# Ripping wood with a radial arm saw



## jarheadmike (Feb 9, 2014)

I have only been working with wood for the past 6 years and have slow put together all the major tools needed. The only issue i have right now is getting a good square cut on planned/joined lumber. After i have prepared the work piece with my planner and joiner, ripping the board down to size has become a problem. I have a cheap portable table saw with a crapping fence. The cuts turn out horrible even after I take a lot of time and care adjusting the fence. I have adjusted the blade alignment, the blades not warped, and the motor bearings are nice and tight. Finances are not good enough to upgrade the table saw until my tax return comes are maybe even longer.
Would ripping boards with my radial arm saw get better results and what type of tune ups should be done to it? The saw was a hand me down from my wife's grandfather and barely used. Normally i would utilize the hobby shop on base to mill everything out, but with government cut backs all Marine Corps Base hobby shops have been permanently shut down.
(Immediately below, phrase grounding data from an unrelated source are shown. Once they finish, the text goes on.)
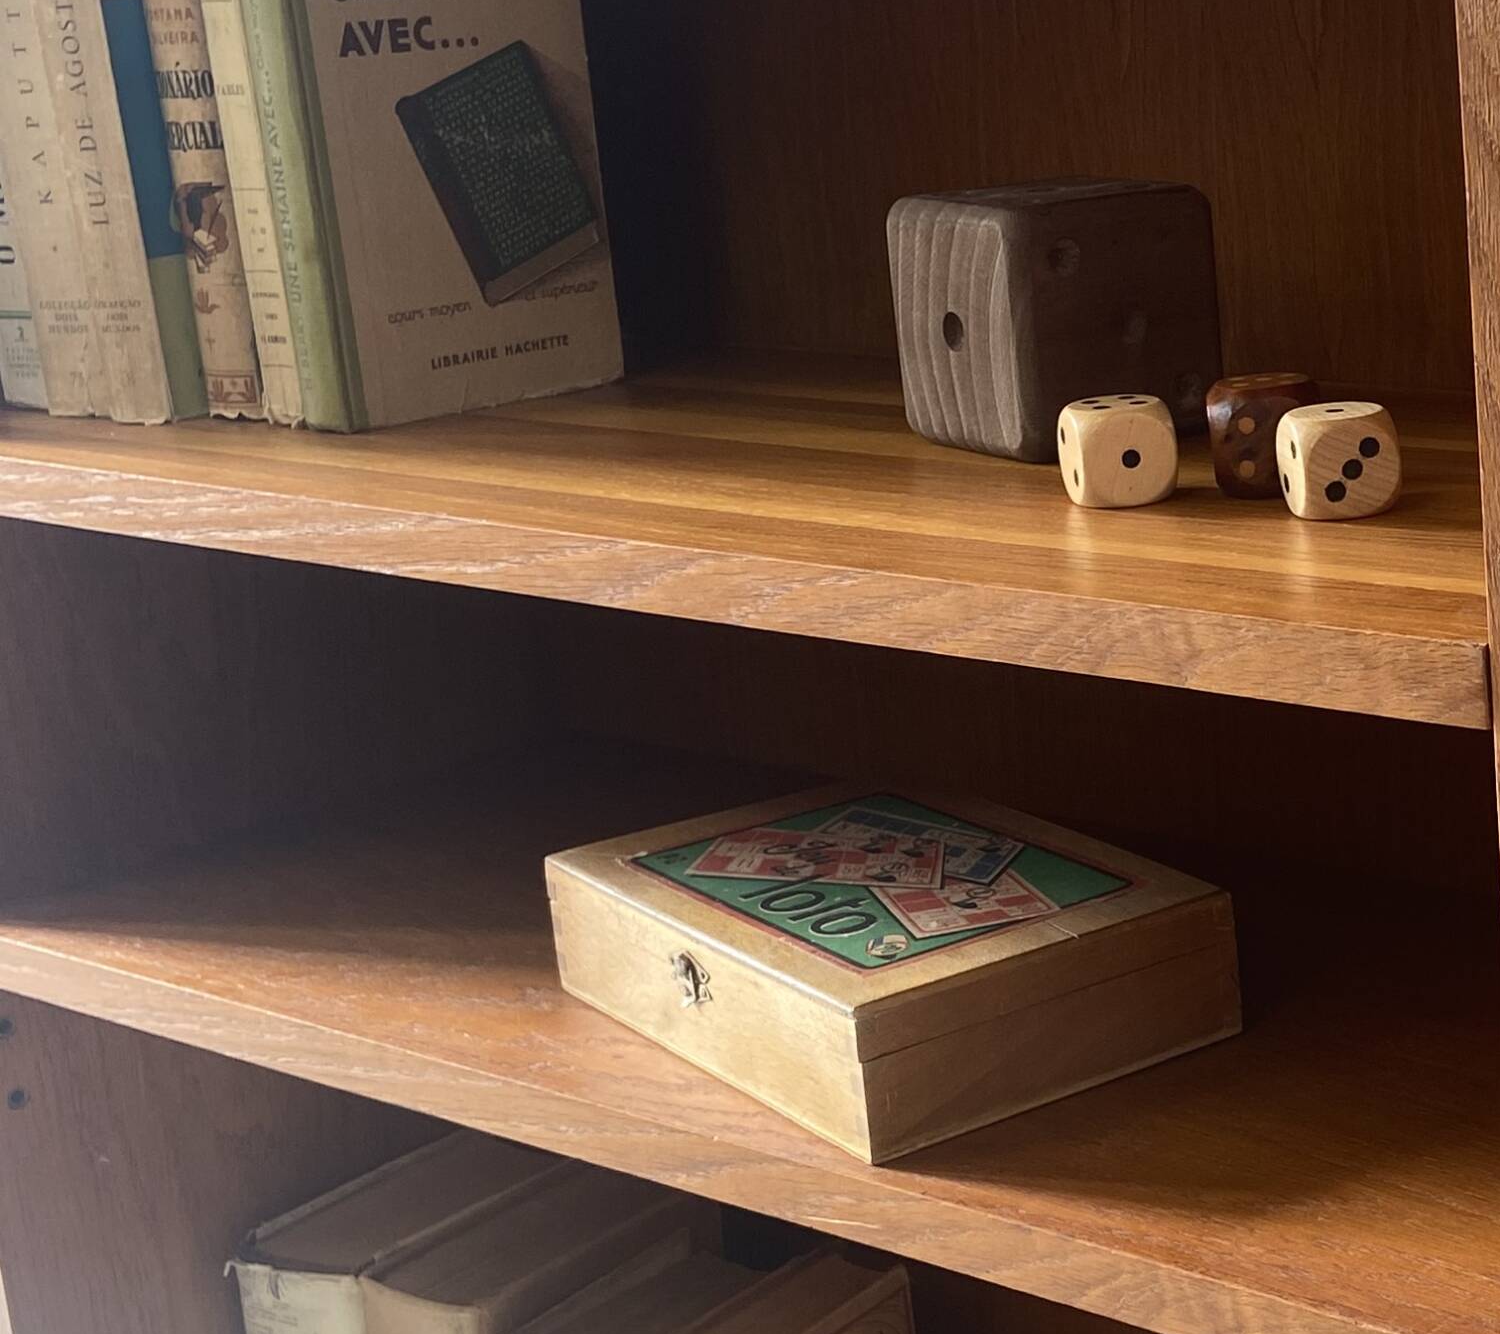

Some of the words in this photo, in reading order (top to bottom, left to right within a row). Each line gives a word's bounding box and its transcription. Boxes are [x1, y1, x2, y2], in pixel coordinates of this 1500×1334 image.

[338, 15, 480, 58] AVEC...
[6, 8, 54, 206] KAPUTT
[74, 117, 98, 154] DE
[84, 170, 110, 227] LUZ
[270, 154, 296, 253] SEMAINE
[284, 261, 303, 304] UNE
[429, 301, 472, 320] moyen
[431, 341, 498, 369] LIBRAIRIE
[504, 334, 570, 358] HACHETTE
[739, 873, 877, 935] loto
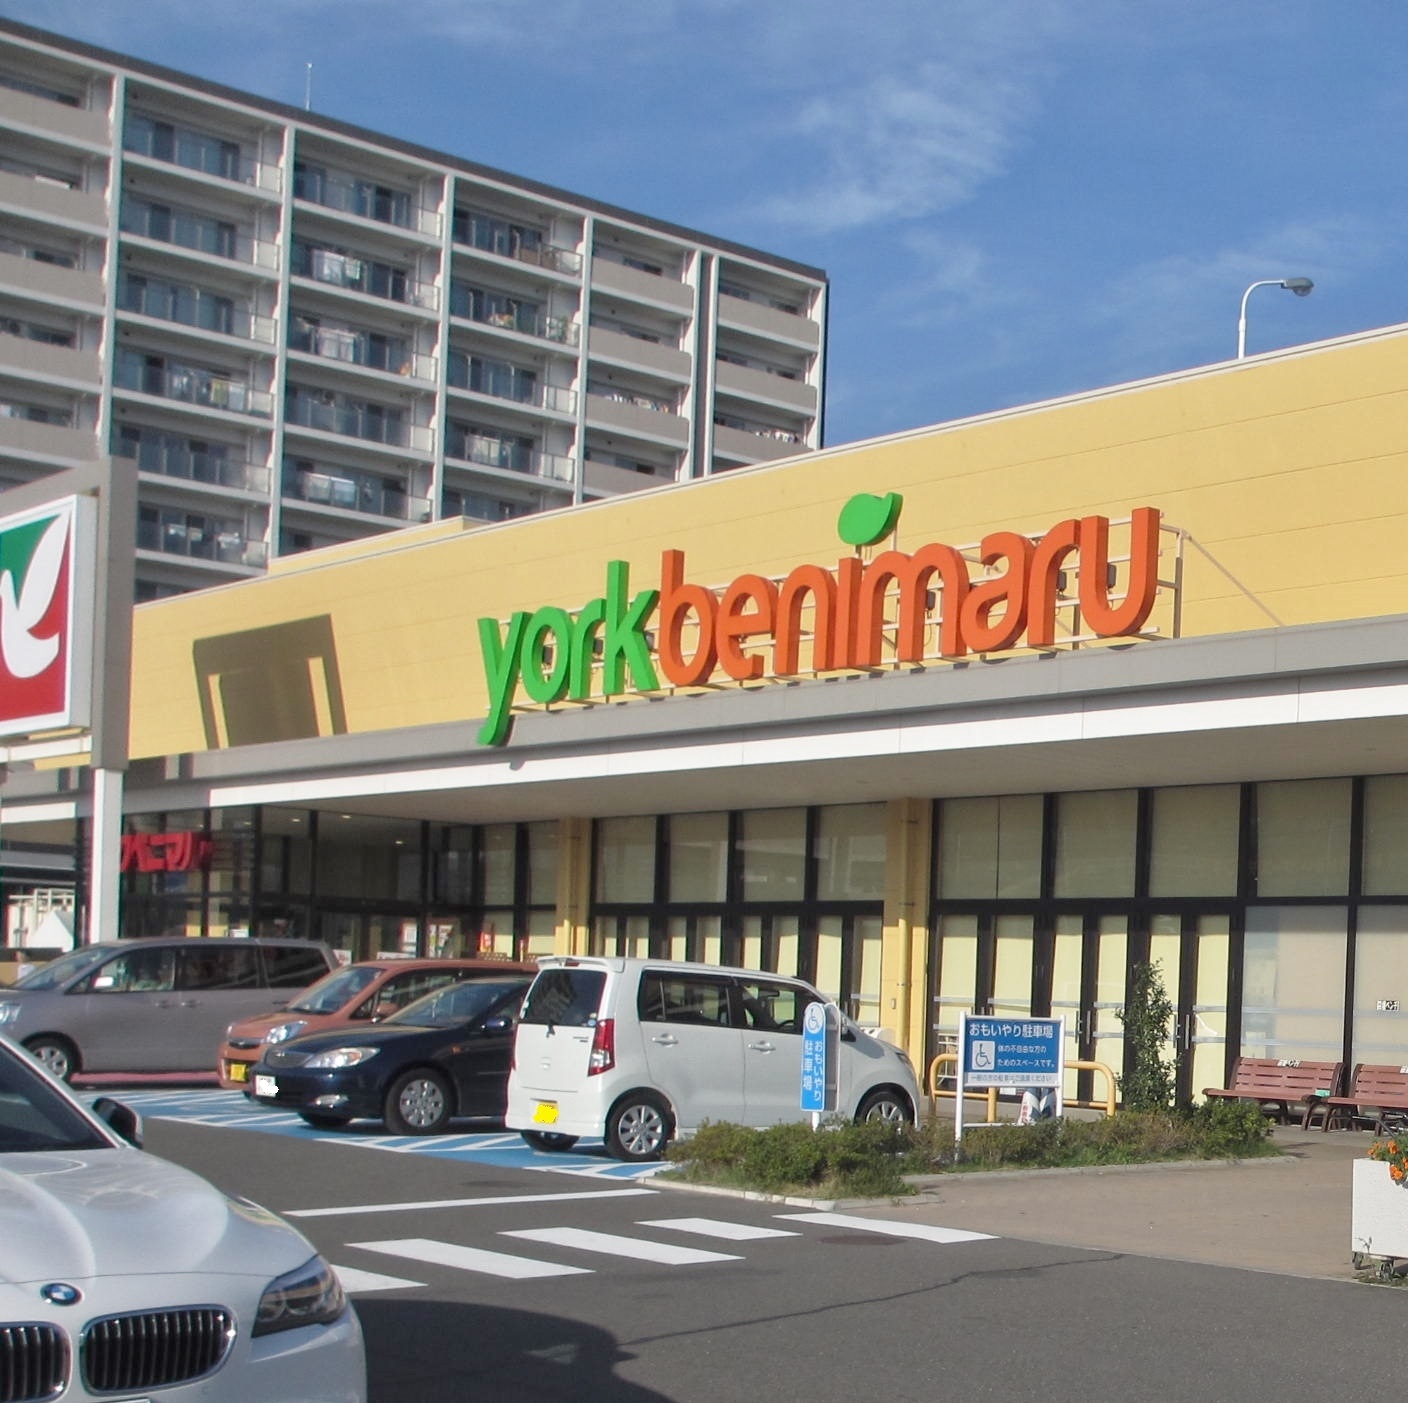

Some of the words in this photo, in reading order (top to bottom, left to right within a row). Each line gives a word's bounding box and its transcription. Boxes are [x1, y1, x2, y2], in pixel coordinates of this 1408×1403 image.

[969, 1023, 1053, 1039] おもいやり駐車場
[803, 1039, 813, 1090] 駐車場
[813, 1040, 823, 1101] おもいやり
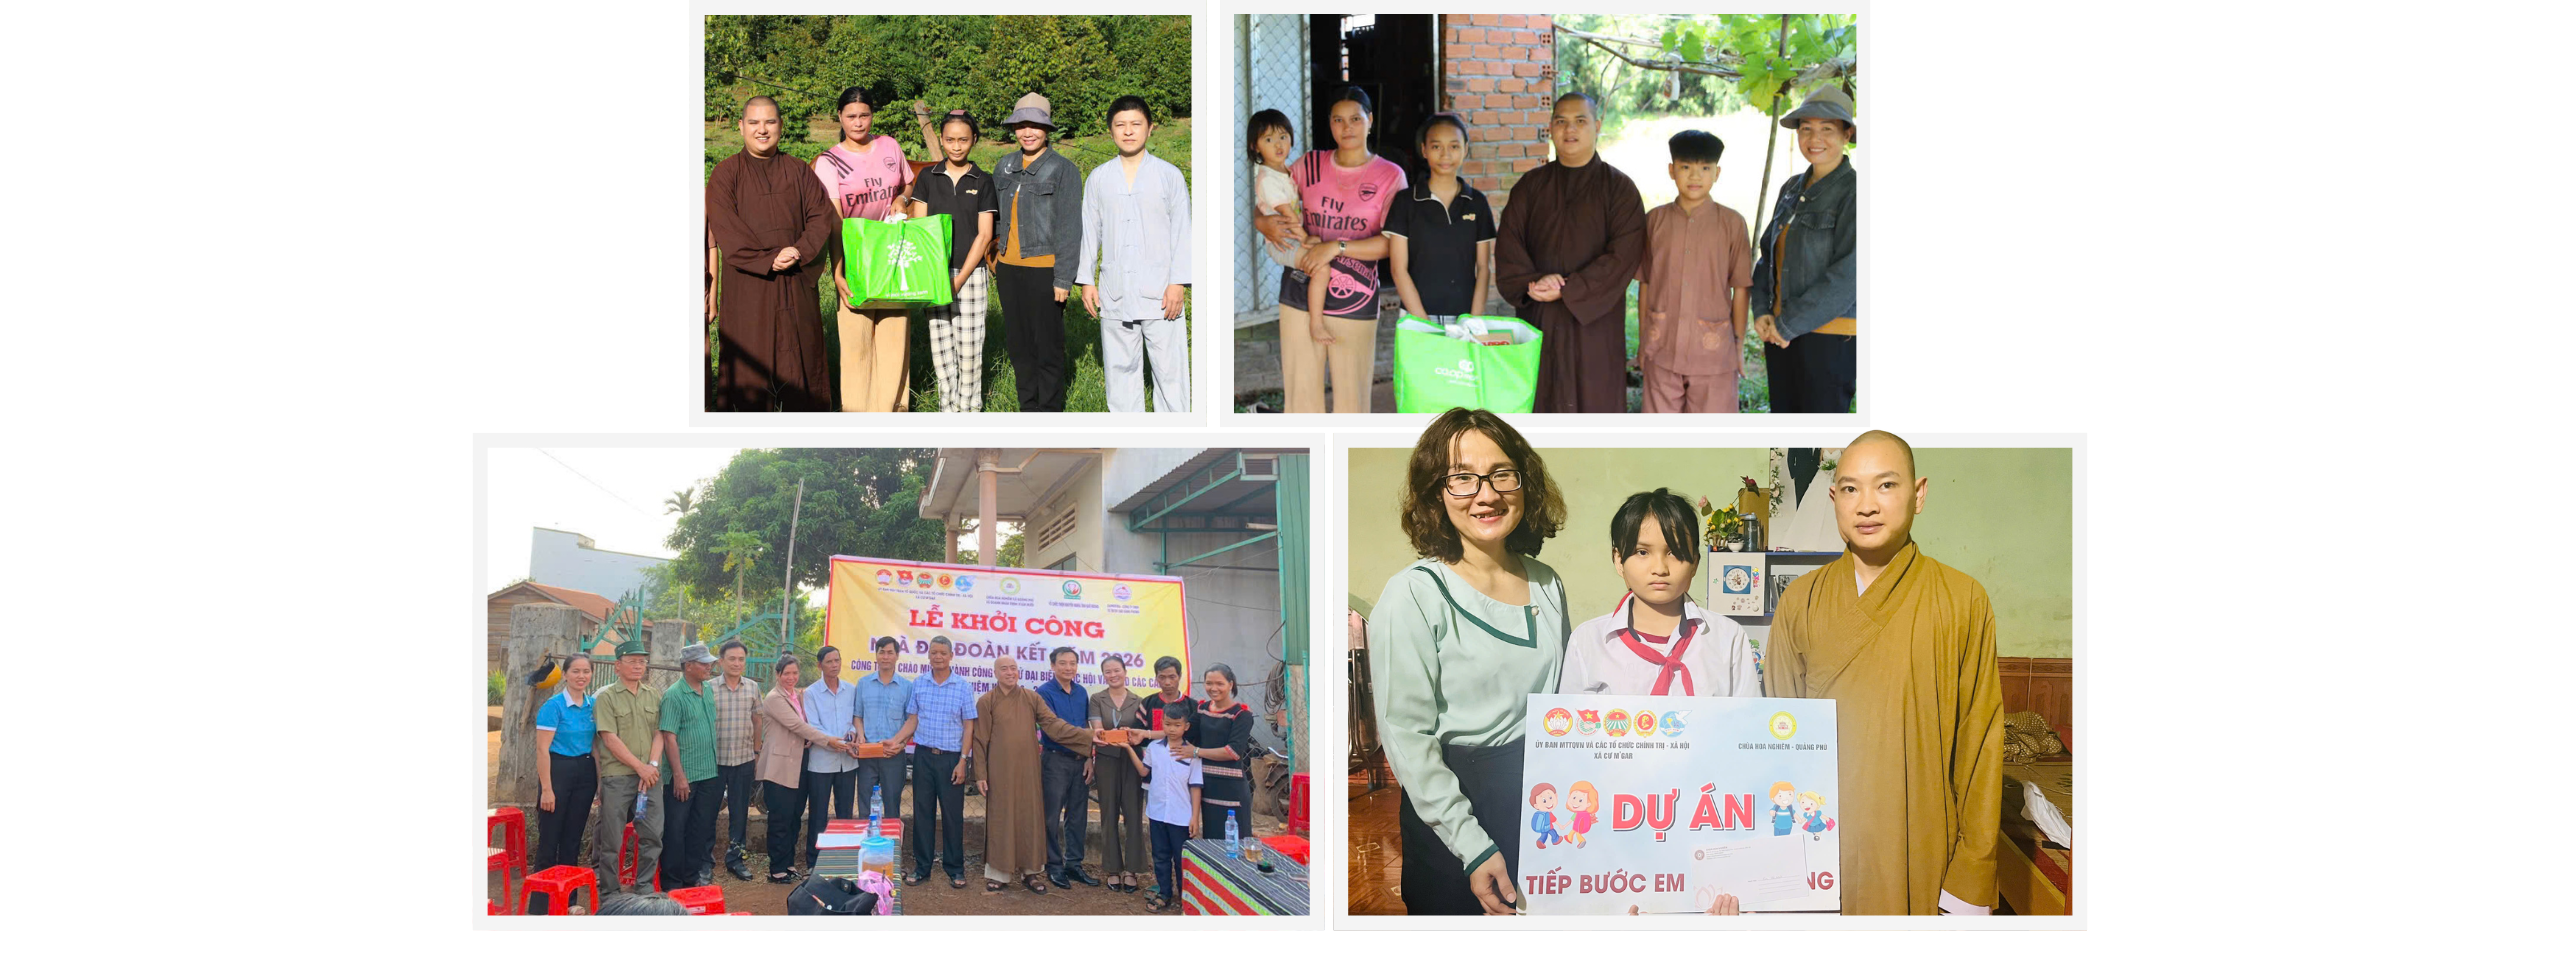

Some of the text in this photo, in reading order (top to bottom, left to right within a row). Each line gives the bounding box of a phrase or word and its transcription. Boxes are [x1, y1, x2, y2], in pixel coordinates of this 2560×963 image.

[864, 177, 882, 187] Fly
[845, 185, 898, 207] Emirate
[1321, 196, 1344, 213] Fly
[909, 604, 1105, 638] LỄ KHỞI CÔNG
[954, 640, 1009, 658] ĐOÀN
[1016, 641, 1047, 661] KẾT
[851, 659, 871, 671] CÔNG
[972, 665, 993, 678] CÔNG
[1612, 782, 1755, 842] DỰ ÁN
[1526, 866, 1572, 895] TIẾP
[1579, 868, 1647, 894] BƯỚC
[1654, 873, 1685, 892] EM
*Please Help, my hobby is my sanity!*

Table Saw
Delta Shopmaster TS220LS

Radial Arm Saw
RYOBI RA-200


----------



## woodnthings (Jan 24, 2009)

*this is a complex topic/task*

Ripping on the RAS is generally frowned on by most members here BECAUSE they have a decent table saw, myself included. So the consensus is don't.

If you must and have no other means, then there are very specific rules which you will find in a good owner's manual which you can download online or get from Ebay... "Craftsman 10" Radial Arm Saw Manual"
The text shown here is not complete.